Time for an unpdate

Jun 08, 2007 21:32

I've been living in the "real world" for a month. It's all done and it's all beginning at the same time, yet here I sit restless and bored. The graduation ceremony didn't give me any closure I didn't really even want to do it in the first place. Columbia really didn't have a campus or any sense of a college community. I only really talked to a couple people outside of classes and I doubt I'll even keep in touch. College was never supposed to be big party in my mind. Because I payed for my education, I treated it as an investment. I payed my dues and now I have a piece of paper to show for it. Now I can concentrate on working full time instead of working and going to school. Maybe that's also why I never got closer to my peers- I simply didn't have time. I quickly learned that working your way through school leaves no time for a social life, but what other option did I have? Looking back I wish I would have done a few things differently. I wish I could have not worked while going to school. I feel like I half assed most of my assignments because I simply didn't have the time or the energy after work. I look at my portfolio and I look at the work of some of the other kids and there is an obvious difference. But like I said, I don't know how I would have been able to do it differently and still been able to pay rent, utilities, and feed myself. If I ever have kids I will do everything in my power to pay for their college. I know my mom did what she could, but sometimes I look at the size of my Dad's house and all the expensive gadgets inside of it and I wonder why I was living in a shitty apartment constantly stressed out about money.
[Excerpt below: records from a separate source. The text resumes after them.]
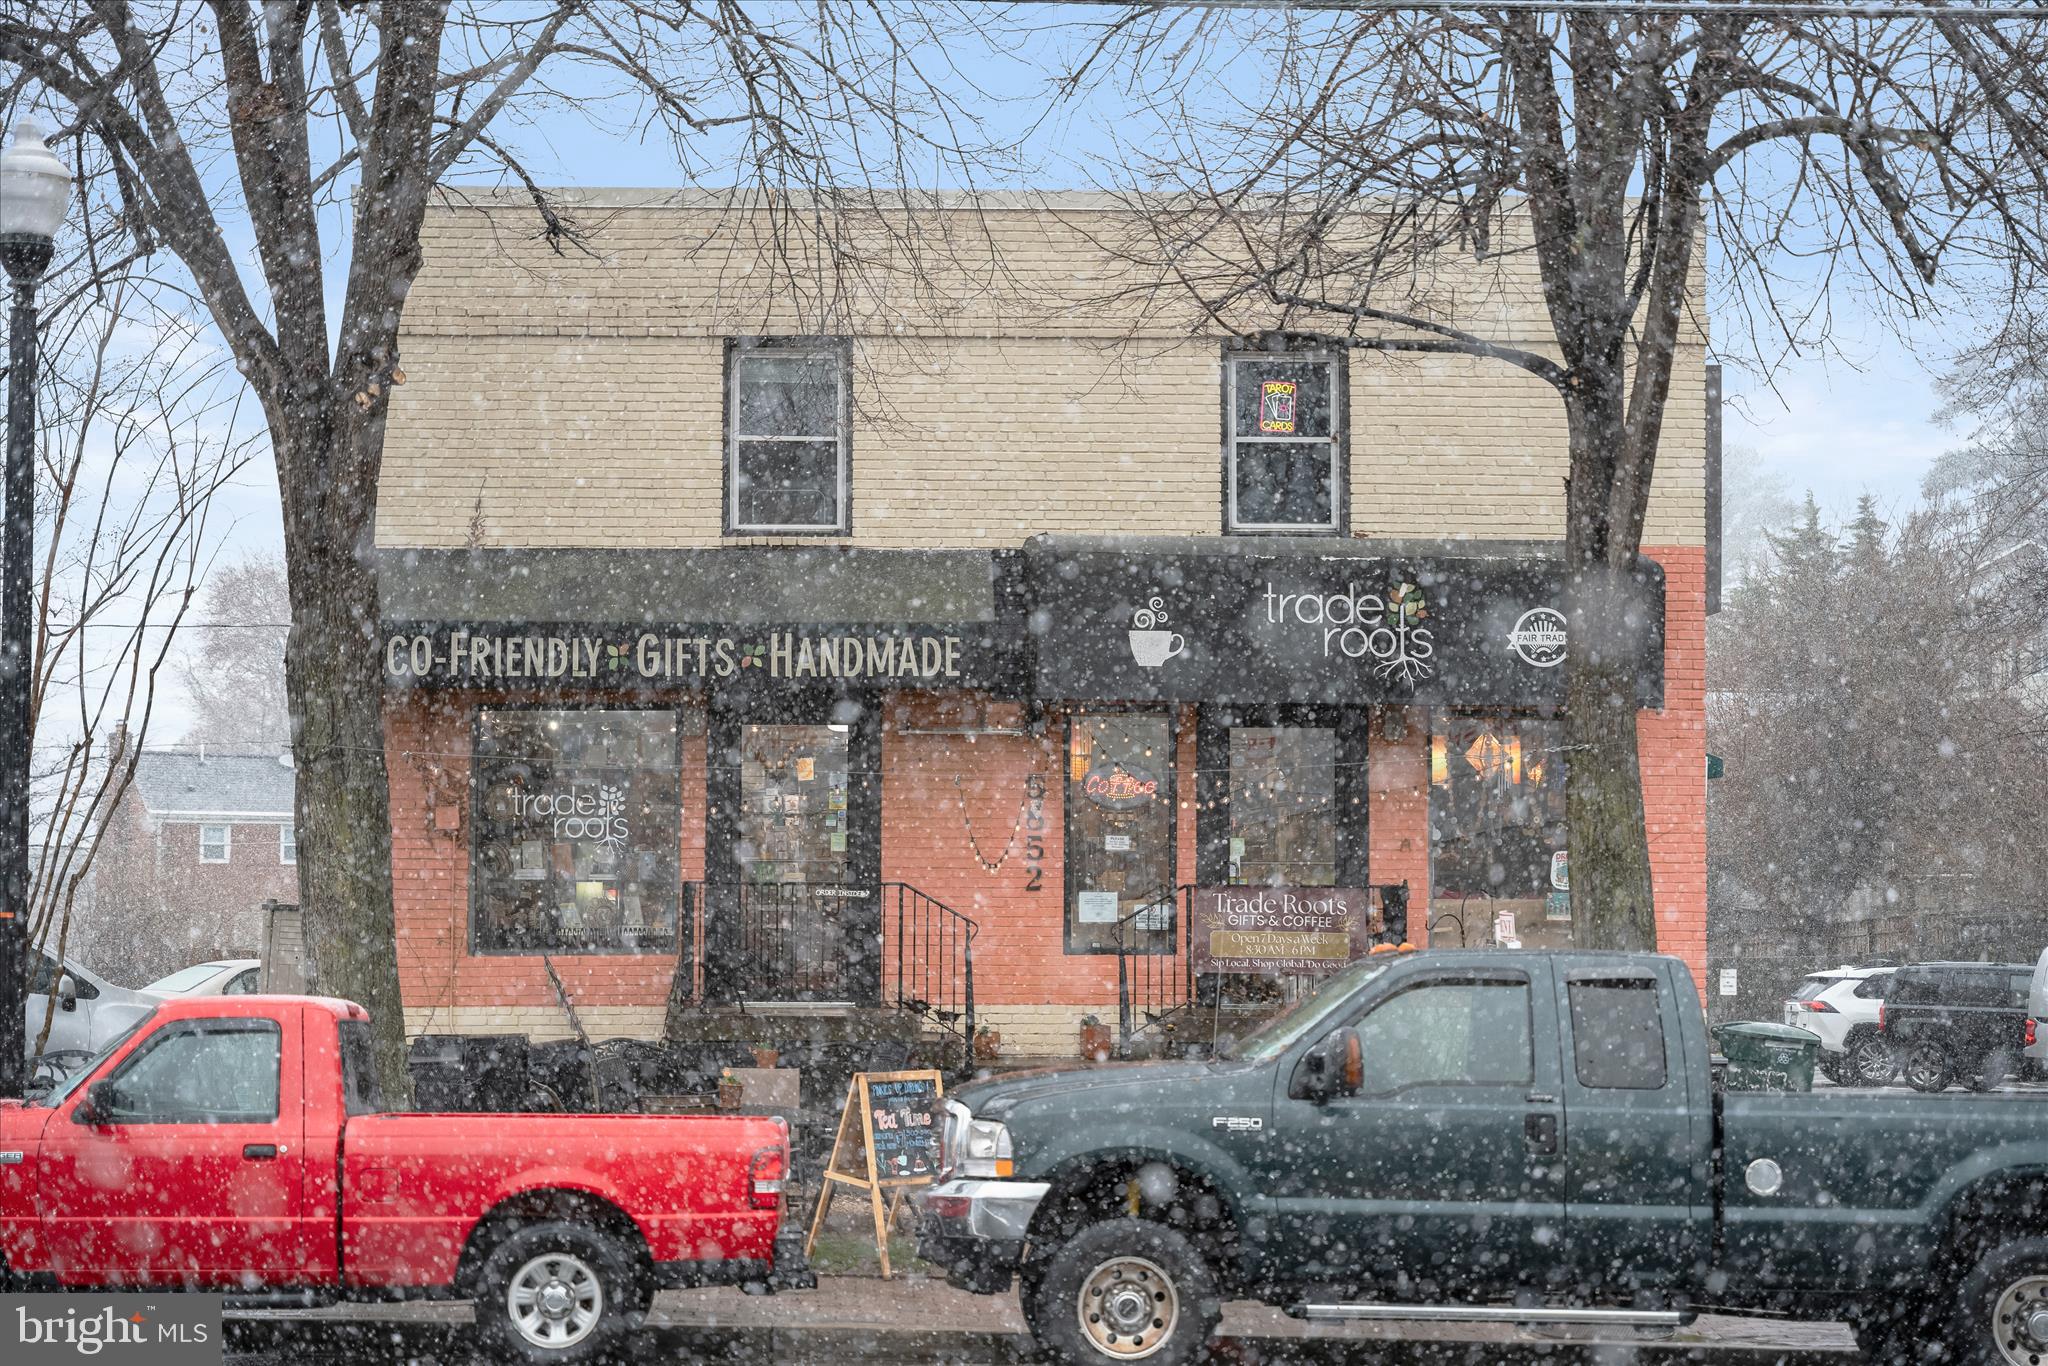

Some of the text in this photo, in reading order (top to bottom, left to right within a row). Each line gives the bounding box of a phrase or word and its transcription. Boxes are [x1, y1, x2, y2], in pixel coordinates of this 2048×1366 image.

[1265, 384, 1295, 394] TAROT
[1262, 420, 1293, 431] CARDS
[1262, 582, 1385, 625] trade
[1324, 604, 1434, 659] roots
[1517, 633, 1566, 643] FAIR TRAD
[386, 631, 961, 678] CO-FRIENDLY GIFTS HANDMADE
[511, 786, 596, 816] trade
[553, 801, 629, 839] roots
[815, 889, 837, 897] ORDER
[1212, 891, 1348, 917] Trade Roots
[1228, 913, 1332, 929] GIFTS & COFFEE
[1231, 933, 1260, 945] Open
[1260, 933, 1267, 944] 7
[1267, 934, 1292, 945] Days
[1300, 935, 1329, 945] Week
[1267, 945, 1285, 955] AM
[1291, 945, 1299, 955] 6
[1300, 945, 1316, 955] PM
[1210, 959, 1224, 969] Sip
[1252, 960, 1275, 969] Shop
[1308, 961, 1321, 969] Do
[874, 1106, 931, 1130] Tea Time
But it's done. On to the rest of my life...

I'm in limbo. I'm done with phase one and patiently waiting, hoping, willing, phase two to kick in. I moved out of previously mentioned shithole apartment a couple weeks ago. I'm currently freeloaing in Dave and Wendi's apartment until July 1st. Then Dave and I are moving into our own place in Oak Park. I'm really excited- it's a beautiful apartment and great neighborhood, and I'm so happy to be living with Dave. I just wish we could move in now. I know they don't mind me being here, but I feel awkward- this isn't my place- I'm living out of a few boxes and staking out a few corners for my stuff. This weekend they're both out of town and I'm hanging out at their place alone. It just feels a little strange like when my parents left me home alone for the first time over the weekend. I'm enjoying the time to myself, but kind of feeling weird about being alone in their place.

I'm starting a job on Monday. I'll be working for Rain Communications which is a small creative boutique that does advertising, design, interactive and everything inbetween. It's really the ideal job for me because I don't have to choose between design or advertising but can do both. The only draw back is that I have to work for the first month as an unpaid intern. After that, my boss will assess how everything is going and then we'll talk about salary. I hate the pressure- I understand that I'm fresh out of school and I really don't have any previous experience to leverege, but I'm so afraid I'm going to do something to screw up this chance to get my foot in the door. So far, noone has been wiling to give me chance- even the entry level jobs want someone with 3-5 years of experience. Where are we supposed to get this experience I ask? Well they're willing to give me the experience, but only if I'm worthy. I have one month to show that I can be a designer. Wish me luck.